CALRETICULIN DOWNREGULATION IS ASSOCIATED WITH FGF-2-INDUCED ANGIOGENESIS THROUGH CALCINEURIN PATHWAY IN ISCHEMIC MYOCARDIUM

Abstract

Fibroblast growth factor 2 (FGF-2) plays an integral role in therapeutic angiogenesis associated with myocardial infarct healing. Calcium (Ca(2+)) is one of the most universal important signaling molecules that affect cell proliferation and angiogenesis. Calreticulin (CRT), a 46-kd (Ca(2+)) -binding chaperone found mainly in the endoplasmic reticulum, plays an important role in regulating calcium homeostasis. The role of CRT in FGF-2-induced angiogenesis and its signaling pathways in ischemic myocardium are not clear. For this study, two-dimensional gel electrophoresis and matrix-assisted laser desorption ionization mass spectrometry were used to analyze CRT's differential expression in myocardial microvascular endothelial cells treated with or without FGF-2. Western blotting analysis was used to detect the expression of CRT and calcineurin (CaN) in sham-operated, FGF-2-, or saline intramyocardially injected myocardium. It is found that FGF-2 induced angiogenesis after sustained ischemia with downregulation of CRT expression and upregulation of CaN expression in myocardium. The CRT expression was negatively correlated to angiogenesis.
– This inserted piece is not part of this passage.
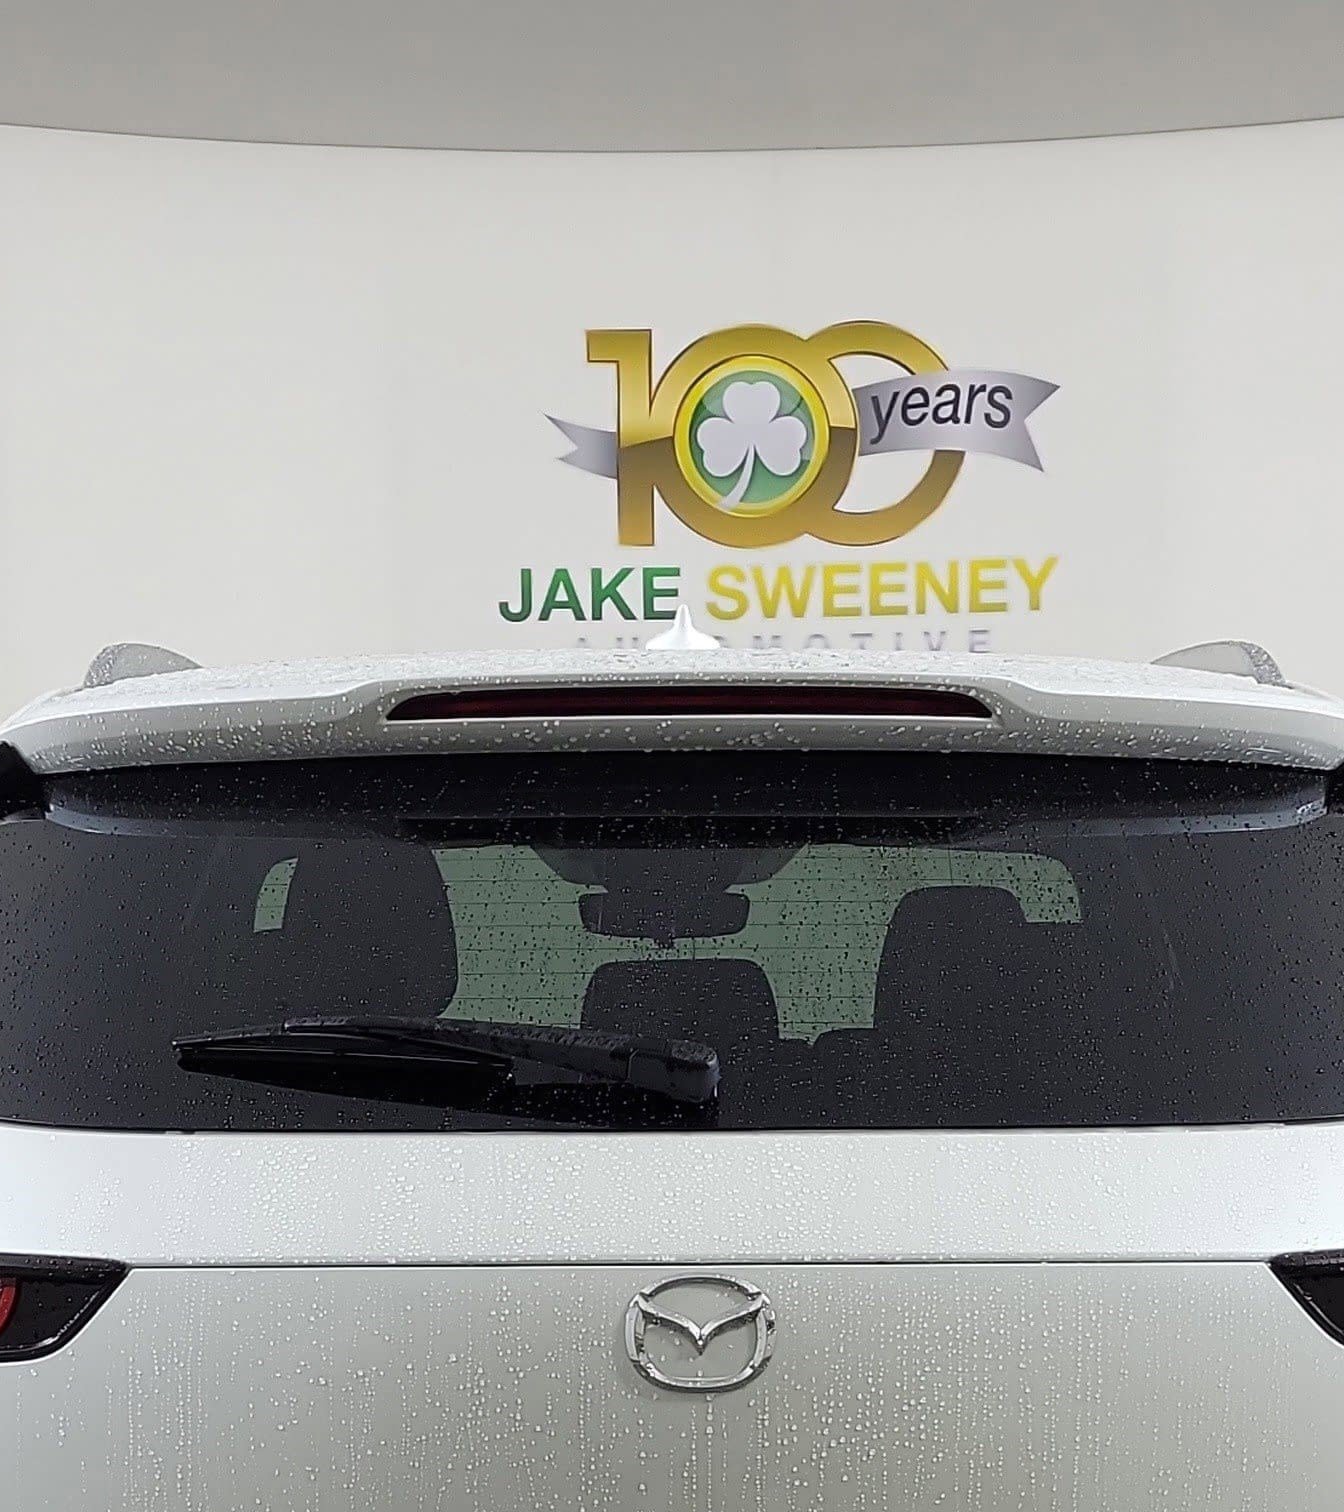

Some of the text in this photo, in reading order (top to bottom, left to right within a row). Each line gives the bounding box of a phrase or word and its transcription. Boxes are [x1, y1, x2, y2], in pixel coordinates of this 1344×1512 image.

[586, 320, 965, 549] 100
[869, 381, 1013, 446] years
[498, 557, 1059, 623] JAKE SWEENEY
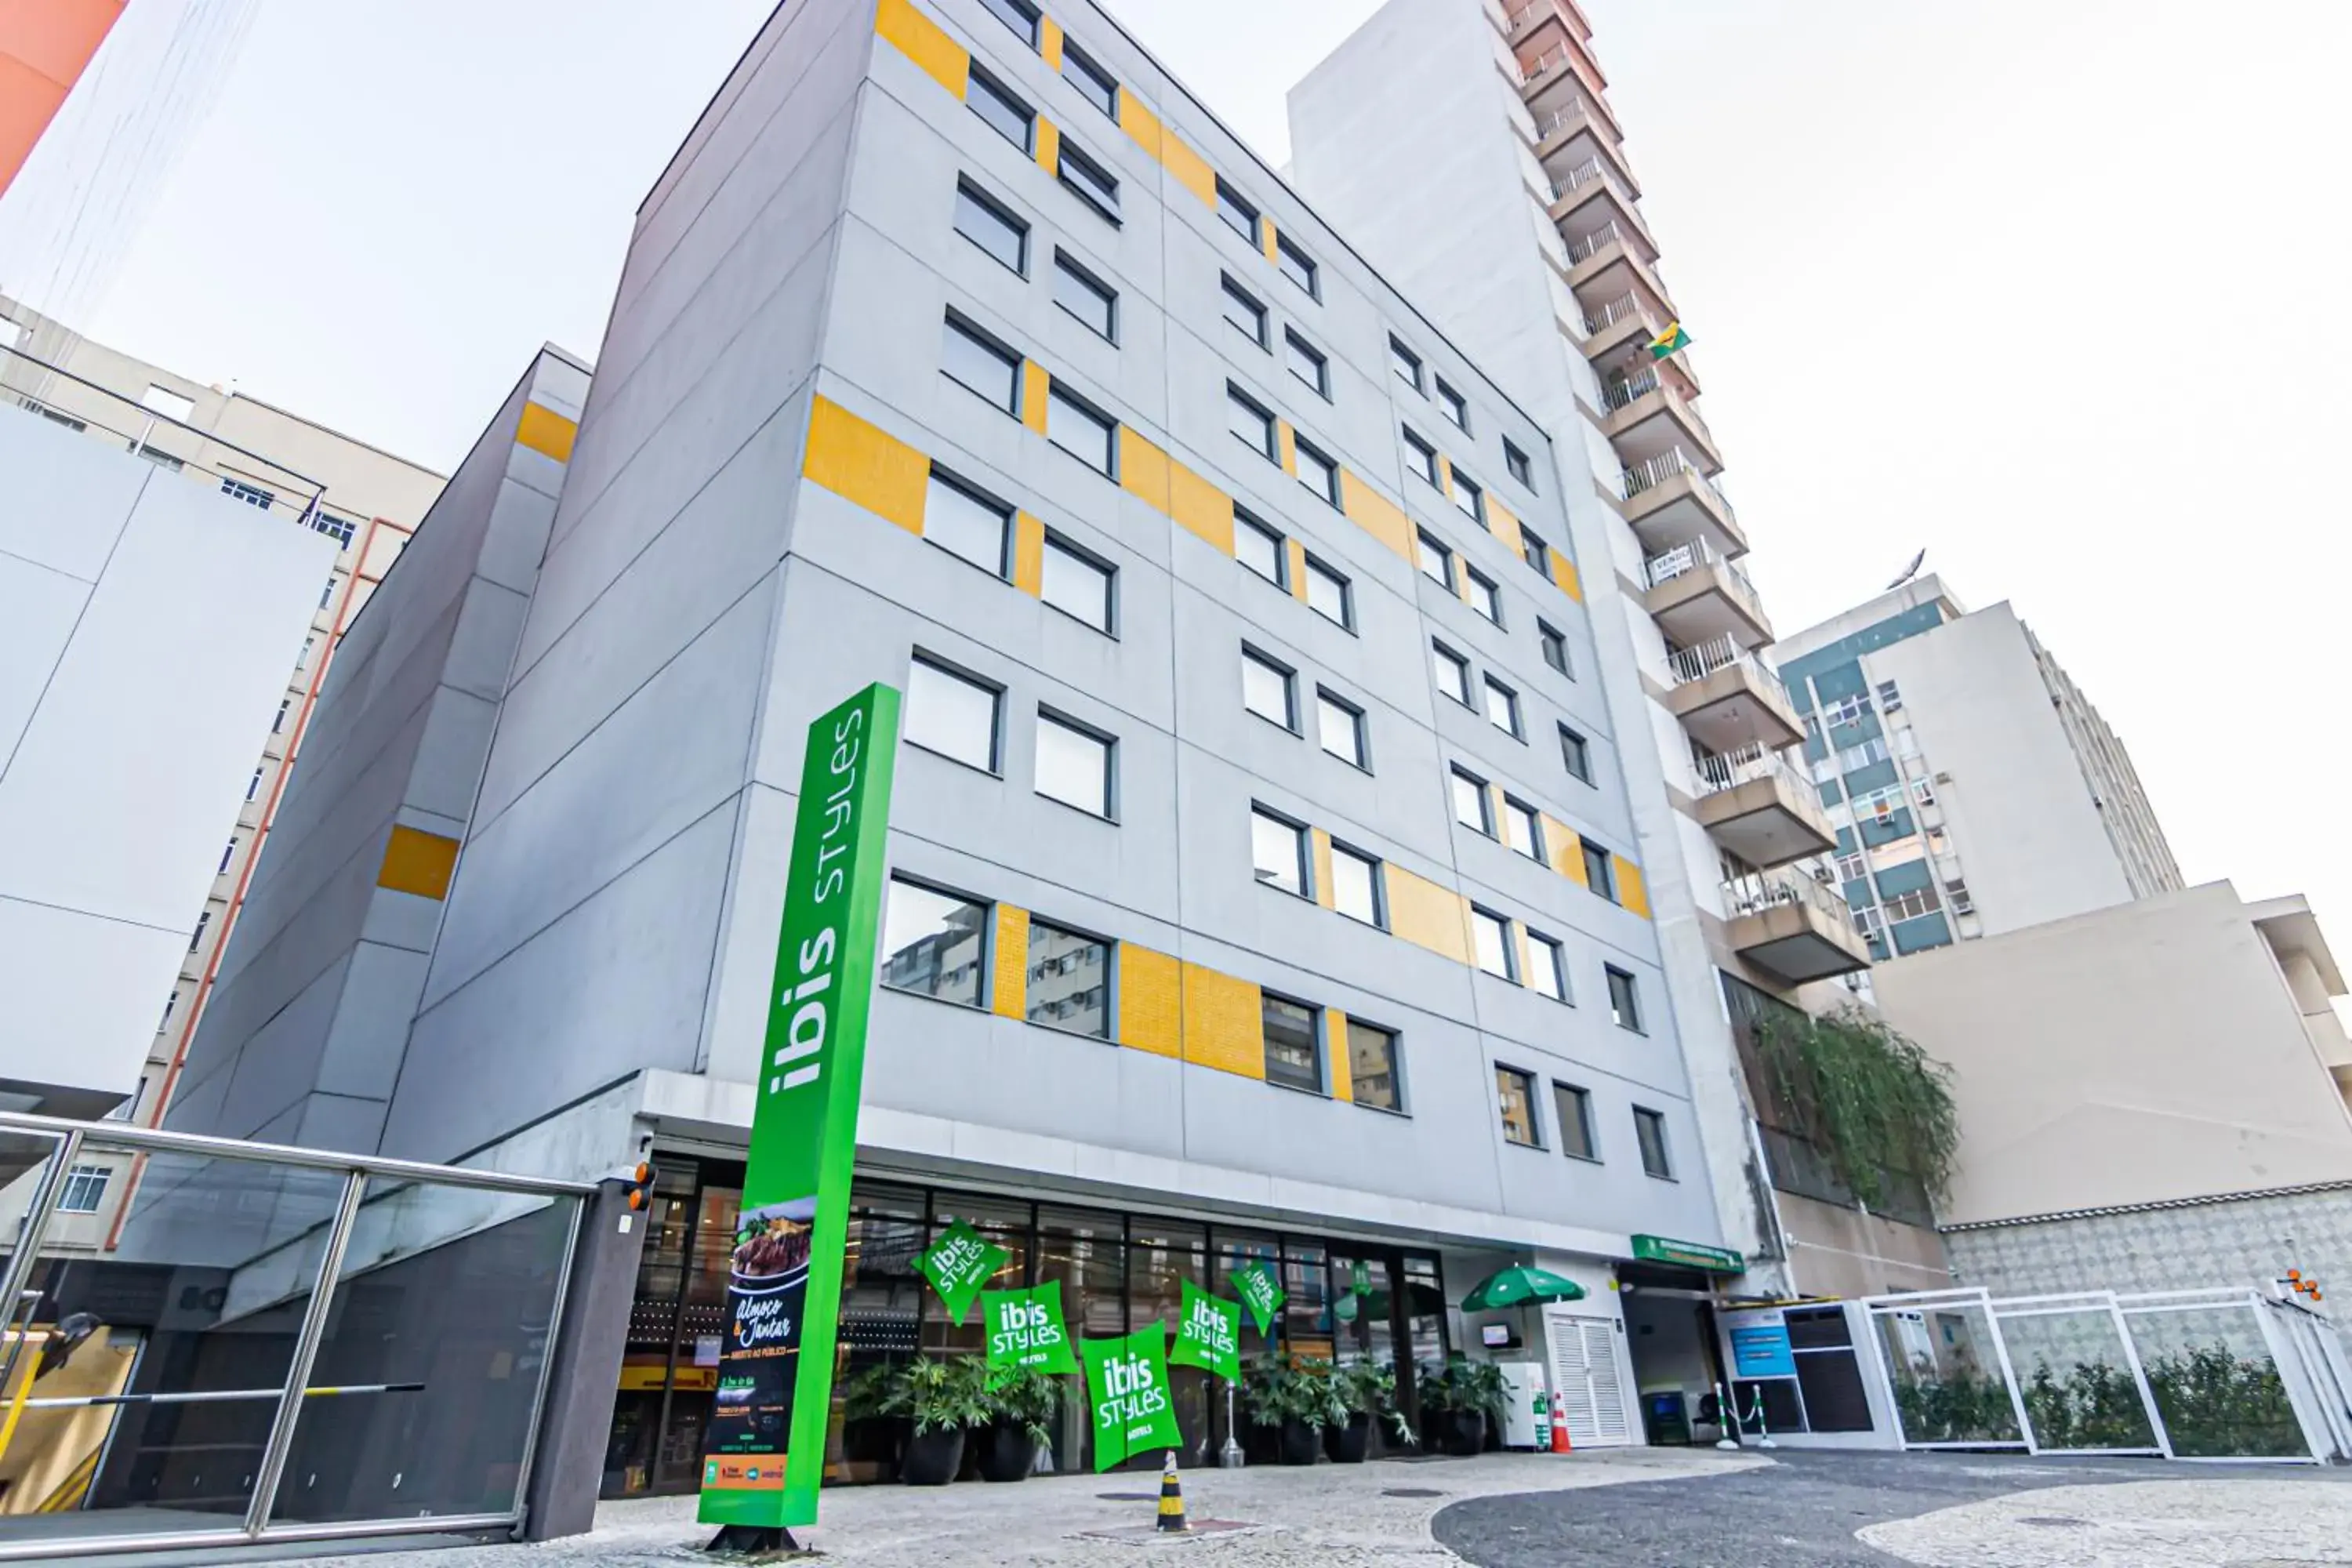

Furthermore, overexpression of CRT or inhibition of CaN with cyclosporine A abolishes FGF-2-induced microvascular endothelial cells proliferation and CaN expression. The results indicate that intramyocardial administration of FGF-2 decreases myocardial CRT expression in parallel with myocardial angiogenesis in ischemic myocardium. The study further indicates that Ca(2+)/CaN signaling pathway may be involved in CRT-related angiogenesis.